Fine though, we'll go over Immabadguy's background. He was a soldier, fought the zombie hordes and pushed them back into Canada. Was upset that we didn't flush the rest of them out and take the world back, nevermind that most soldiers would probably get overrun by running zombies, zombie moose, zombie raccoons and so on. You'd bleed far too many troops, but that's not how he sees it as those dirty commies are clearly up to steal our precious bodily fluids. Shit, wrong badguy. Oh and his motivation is that a fresh wave of zombie outbreaks would bring God back to the USA and that's his goal. Seriously. Deranged military religious fanatic, he's our badguy and our first major thinly veiled message. He's supposed to be what Republicans are, not what they should be like our boyscout, hence why he was almost the Presidential candidate rather than the vice... Oh and no one in book thought he was deranged so much as just an extremist.

Then Buffy is killed by a sniper blowing the tires out of their van, thus causing an accident, killing and zombifying her fuckbuddy (She's supposed to be catholic) and getting bitten, causing Georgia to put a bullet through her skull. After cheering the removal of dead weight in the plot, the CDC Shows up, ignores standard procedure and takes them alive even though they were all reported dead and zombified. They're released, sent on their way and then act all weird for a while as they compile evidence against Immabadguy after conveniently hearing him explain all of his plans in a room he was sure wasn't bugged by our tech-sue Buffy. Just after they get access to her systems even! Yeah, I was banging my head again. They confront the boyscout with this information, but don't bring the evidence with them and he blows a fuse, accuses them of being sneaky fucks and sends her out, telling her to go to their trailer. And now they're running full out with the idiot ball to the endzone since they know Immabadguy is going to kill them without subtlety, he said as much in more or less those words. So, they find the cat dead (And I'm reminded of Heinlein's "What sick bastard kills the cat?") and then their trailer explodes and Sister is shot with the virus dart.

Again, it's supposed to be a surprise, she's the main character and you probably saw this coming the minute you were introduced to Sister, Brother and Bimbo. She writes her last story, then her brother shoots her. Again, I cheered as more useless weight was removed. Then we get introduced to the brother actually gaining an interesting character trait as he snaps and starts talking to his dead sister and she responds. And other characters notice!
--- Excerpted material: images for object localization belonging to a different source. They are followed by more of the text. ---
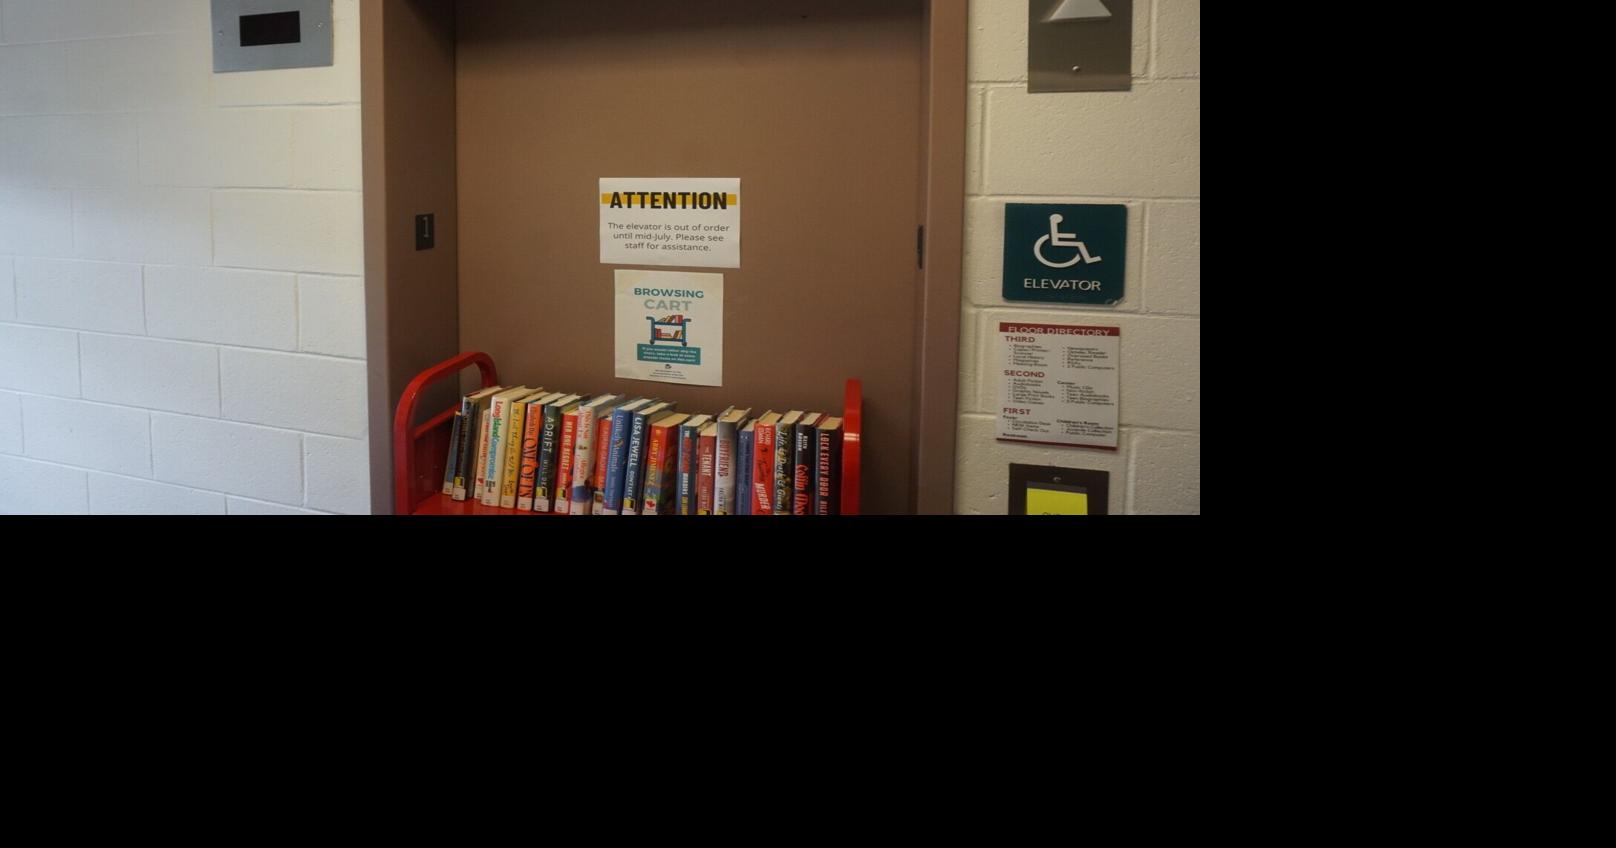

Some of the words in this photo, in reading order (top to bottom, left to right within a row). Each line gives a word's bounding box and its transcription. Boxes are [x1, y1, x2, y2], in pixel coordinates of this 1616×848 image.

[609, 191, 727, 210] ATTENTION
[422, 216, 430, 238] 1
[608, 222, 624, 230] The
[626, 223, 661, 231] elevator
[664, 223, 672, 231] is
[692, 224, 702, 232] of
[703, 224, 730, 232] order
[613, 232, 633, 240] until
[635, 233, 673, 243] mid-July.
[676, 233, 705, 242] Please
[646, 242, 659, 250] for
[661, 243, 712, 252] assistance.
[633, 287, 705, 299] BROWSING
[1023, 277, 1101, 291] ELEVATOR
[643, 298, 692, 311] CART
[1004, 335, 1036, 343] THIRD
[1008, 326, 1044, 334] FLOOR
[1047, 328, 1110, 336] DIRECTORY
[1004, 369, 1045, 378] SECOND
[492, 400, 503, 418] Long
[1003, 407, 1031, 415] FIRST
[492, 418, 502, 439] Island
[543, 416, 554, 454] ADRIFT
[565, 421, 573, 432] HER
[614, 415, 623, 442] Unlikely
[633, 417, 642, 435] LISA
[820, 433, 830, 451] LOCK
[562, 447, 572, 471] REGRET
[611, 445, 620, 472] Animals
[629, 436, 640, 468] JEWELL
[719, 439, 731, 477] BOYFRIEND
[701, 454, 712, 477] TENANT
[819, 452, 829, 475] EVERY
[796, 464, 809, 491] Coffin
[819, 476, 829, 496] DOOR
[754, 482, 771, 510] MURDER
[795, 494, 809, 515] Moo
Too bad this was 30 pages from the end of the book... Oh, he storms into the hidey hole the presidential campaign was hiding with the security goon, points a gun at Immabadguy and no one takes his fucking head off. Immabadguy stabs himself with the zombie virus... at a political event. Where people would search everyone. No I don't know where he was hiding it.

The book ends more or less on that note. Two dimensional characters proclaiming the evils of republicans, the death of new media and how old people can't possibly keep up with young people in the field of reporting are about all that I really pulled from this book. The editing was.. sporadic. The pacing was bad, the characters made me long for the depth Avatar had and overall I actually had more fun examining the world after I finished reading rather than with anything actually in the book. I then went to the store and promptly bought another Dresden Files book as a palette cleanser. Maybe I'll review something by one of my favorite authors next instead.